# 25 / Editoriale

Dopo una campagna elettorale attraversata da polemiche incandescenti, Zohran Mamdani è stato eletto sindaco di New York. Una vittoria che sancisce l’ascesa di una nuova generazione di attivisti all’interno del partito democratico, fondata su rivendicazioni economiche e sociali nette capaci di organizzare un’opposizione frontale all’amministrazione Trump. Ma questa elezione riflette anche un mutamento nei rapporti tra i Democratici e Israele. Mamdani ha sempre adottato una posizione dichiaratamente antisionista, portando la questione al centro del dibattito politico americano.
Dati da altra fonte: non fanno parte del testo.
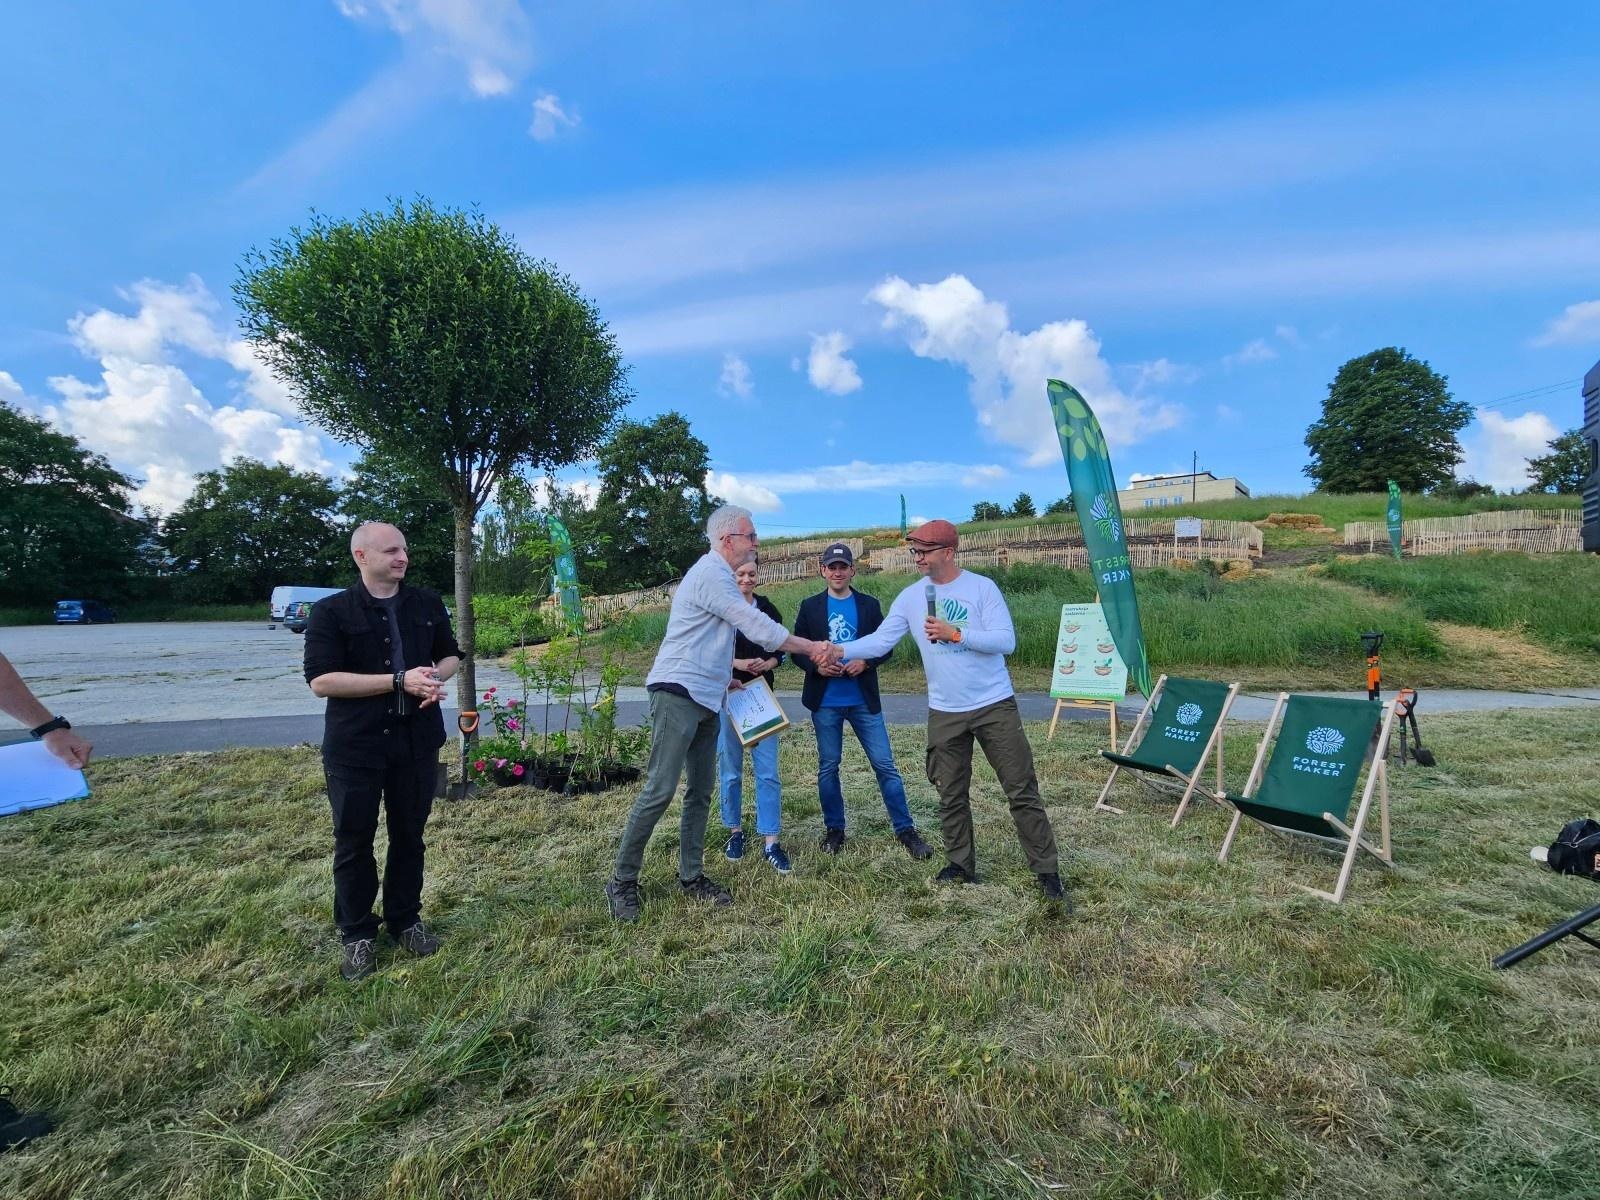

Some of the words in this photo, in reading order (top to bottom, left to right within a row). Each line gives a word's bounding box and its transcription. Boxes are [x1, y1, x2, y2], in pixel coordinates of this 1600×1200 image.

[1165, 726, 1200, 736] FOREST
[1165, 732, 1196, 742] MAKER
[1293, 756, 1345, 769] FOREST
[1294, 764, 1340, 776] MAKER
Donald Trump d’altronde non ha perso tempo: con la sua consueta sottigliezza, ha definito “stupidi” gli ebrei newyorkesi che hanno votato Mamdani. Ma chi guarda con più attenzione sa che non si tratta solo di un insulto, bensì di un indicatore inquietante della frattura generazionale e ideologica che attraversa la più grande città ebraica americana. Sébastien Lévy questa settimana, scandaglia le domande poste da questo risultato: il voto degli ebrei, le divisioni tra generazioni, il loro rapporto con un partito democratico che è stato a lungo la loro casa politica ma i cui sviluppi attuali destano crescenti preoccupazioni.
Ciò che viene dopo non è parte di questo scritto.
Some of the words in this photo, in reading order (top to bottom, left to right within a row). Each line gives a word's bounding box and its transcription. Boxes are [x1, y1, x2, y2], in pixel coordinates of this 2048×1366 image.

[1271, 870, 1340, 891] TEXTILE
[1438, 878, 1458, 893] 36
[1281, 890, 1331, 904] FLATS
Dopo il contributo di Denis Charbit, che la settimana scorsa ha ricordato il contesto dell’assassinio di Rabin e ne ha interrogato l’impossibile commemorazione, Ilan Greilsammer si concentra sull’eredità politica del leader assassinato. A trent’anni dall’omicidio, cosa resta del campo della pace? Quali conclusioni trarre sugli obiettivi perseguiti da Rabin, mentre la destra spartana sembra avere la meglio e blocca ogni prospettiva di pacificazione tra israeliani e palestinesi? E come si inscrive in questo quadro la guerra a Gaza? A tutte queste domande Greilsammer risponde con lucidità, e con un tono preoccupato, volgendo lo sguardo alle decisive elezioni del 2026.

In contrasto con l’analisi di Lévy ripubblichiamo l’articolo di Jean-Claude Milner dello scorso marzo sull’evoluzione dei rapporti tra Stati Uniti e Israele. Già allora Milner denunciava la messa sotto tutela americana di Israele e la progressiva trasformazione in direzione WASP dell’ebraismo americano. Alla luce dell’allontanamento degli ebrei americani dal sionismo, ricordato da Lévy, la straordinaria lucidità di questa diagnosi appare oggi ancora più evidente.

L’elezione di Zohran Mamdani a sindaco di New York, che ne fa il primo sindaco apertamente antisionista della metropoli, va ben oltre i confini della politica municipale. Questo successo, sostenuto da una gioventù progressista e da una parte significativa degli ebrei americani, rivela la profondità delle fratture generazionali e ideologiche all’interno dell’ebraismo americano. Tra il crescente distacco da Israele, l’aumento dell’antisemitismo e la trasformazione del Partito Democratico, la vittoria di Mamdani agisce come un rivelatore impietoso di un mondo ebraico americano in piena crisi d’identità.